If your iPhone restore fails with Error 4013 or Error 4014, the problem is usually not the IPSW itself. In Apple’s own restore documentation, these errors point first to a broken restore connection, an interrupted device-to-computer communication path, or a restore process that could not complete cleanly. That means your first priority is the cable, USB path, Mac or PC environment, and recovery workflow—not a random firmware download. 

If you need the broader process for a clean firmware restore, link this article to your pillar page on Signed IPSW Download & Restore Guide for iPhone and iPad so users can move from error-specific help to the full restore workflow without confusion.

Direct Answer Block

Error 4013 and Error 4014 usually mean the iPhone restore process failed because the device disconnected, the computer could not complete the restore command, or the USB path was unstable. Start by updating macOS, Finder, Apple Devices App, or iTunes; force-restarting the iPhone; trying Update in recovery mode; then switching the cable, USB port, and computer before assuming hardware failure. 

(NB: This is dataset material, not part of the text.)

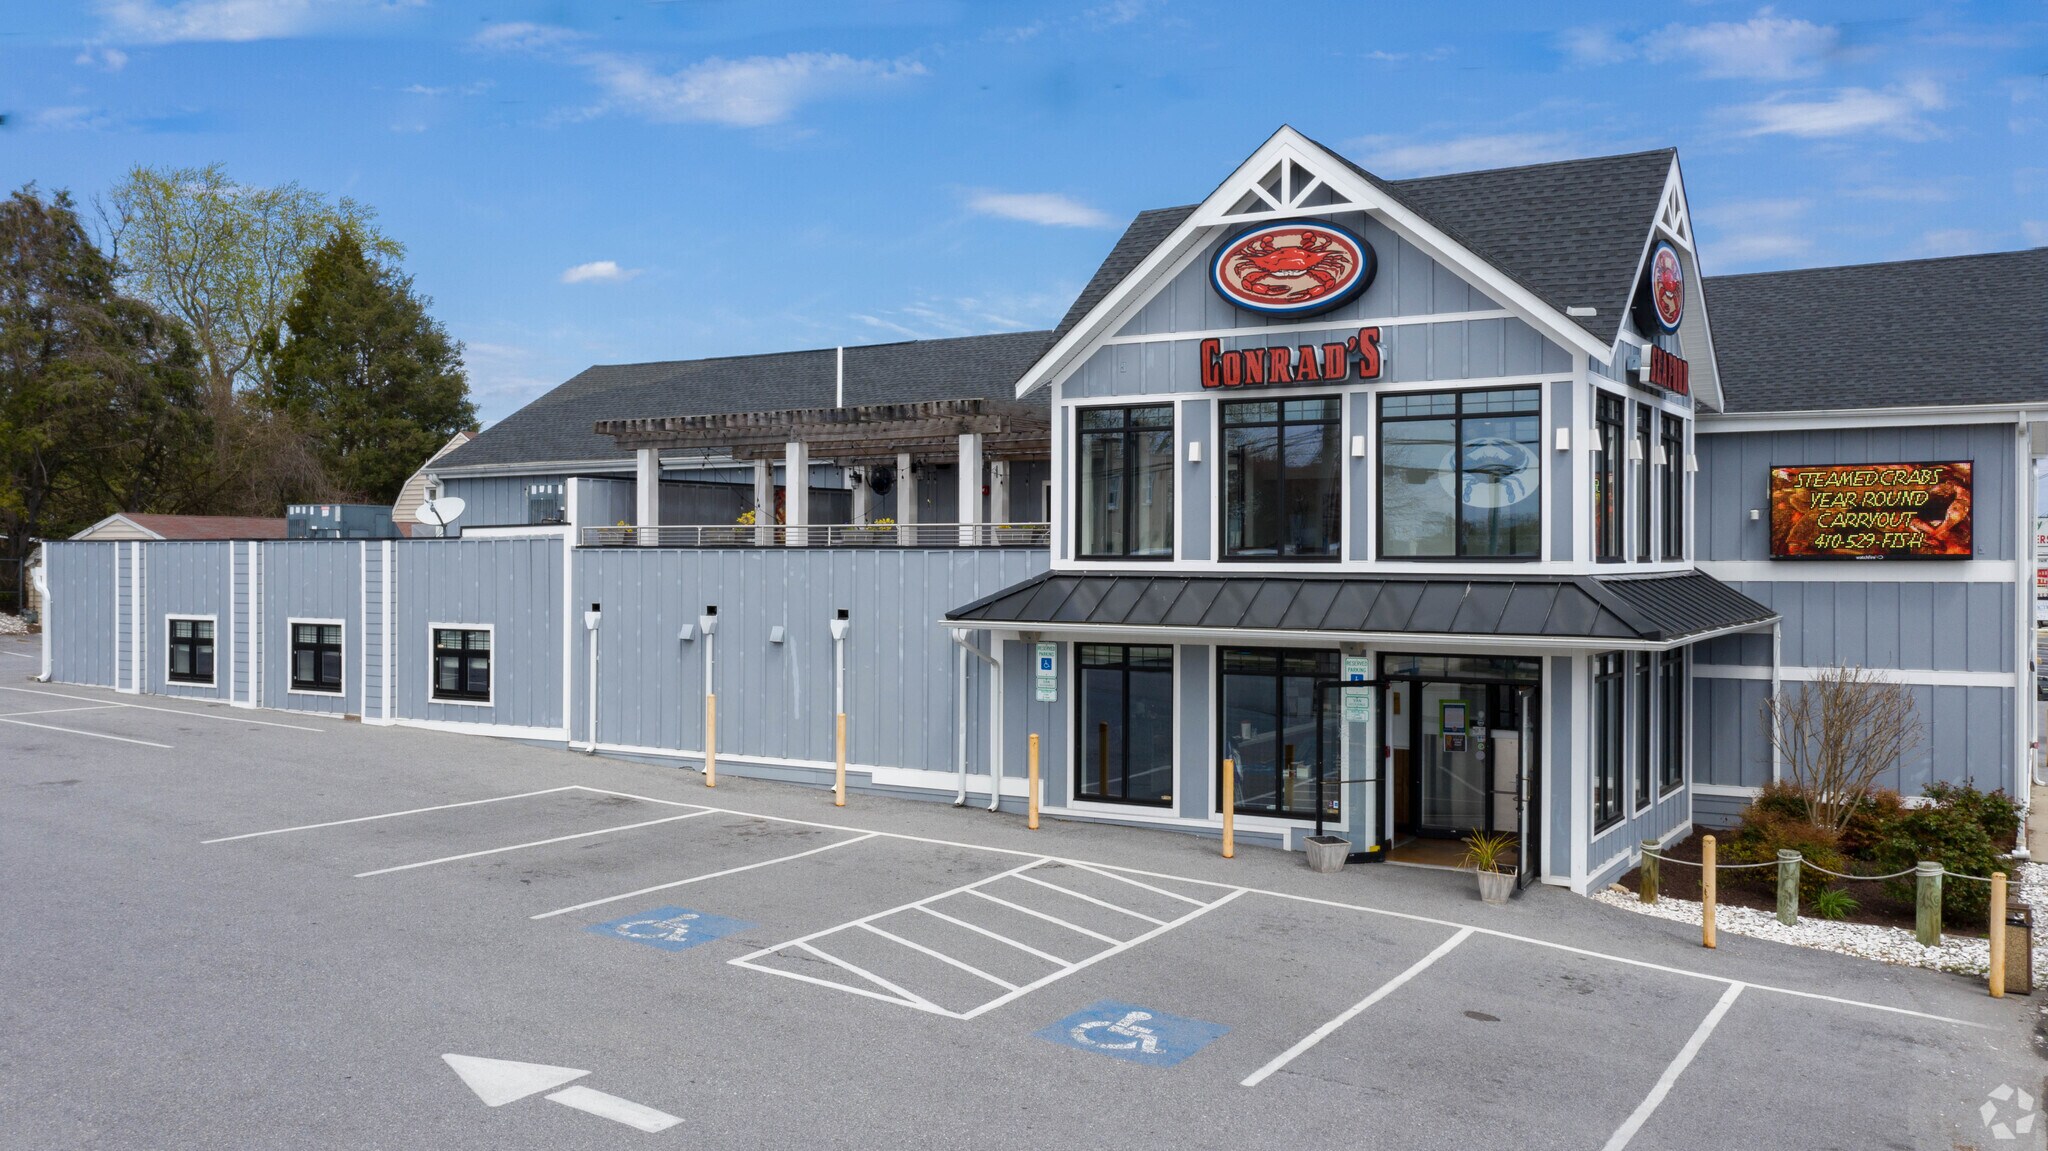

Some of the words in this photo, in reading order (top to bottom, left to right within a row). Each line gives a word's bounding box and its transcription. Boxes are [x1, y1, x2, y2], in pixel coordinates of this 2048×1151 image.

Warning: A full restore erases the iPhone and installs the latest available iOS for that device. If you have no backup, your personal data may be lost. Apple also requires you to turn off Find My or sign out where applicable before a standard computer-based factory restore. 

Why Error 4013 and Error 4014 happen during iPhone restore

Apple describes Errors 9, 4005, 4013, and 4014 as failures that can appear when the device disconnects during update or restore, or when the computer cannot properly tell the device to restore. That is the key diagnostic clue: these are usually restore-path communication errors, not classic Apple Signing Server errors. 

In practice, that puts the most common causes into four buckets: a bad or unstable USB cable, a poor USB port or hub connection, an outdated or unstable Mac/PC restore environment, or a device-side fault that prevents the restore from completing consistently. Apple’s troubleshooting path explicitly starts with software updates, force restart, recovery mode, direct USB checks, and trying another computer. 

Requirements Before You Start

Use this checklist before you retry the restore:

  • A current backup, if the iPhone is still accessible

  • The latest macOS, or the latest Apple Devices App / iTunes version

  • A direct USB connection to the computer

  • A known-good Apple-certified cable

  • A stable internet connection

  • Enough time for the iOS download to finish without disconnecting

  • Your Apple Account credentials if Activation Lock appears after restore

Apple specifically recommends a direct connection to the computer, a good cable, and updated software before retrying restore or update steps. 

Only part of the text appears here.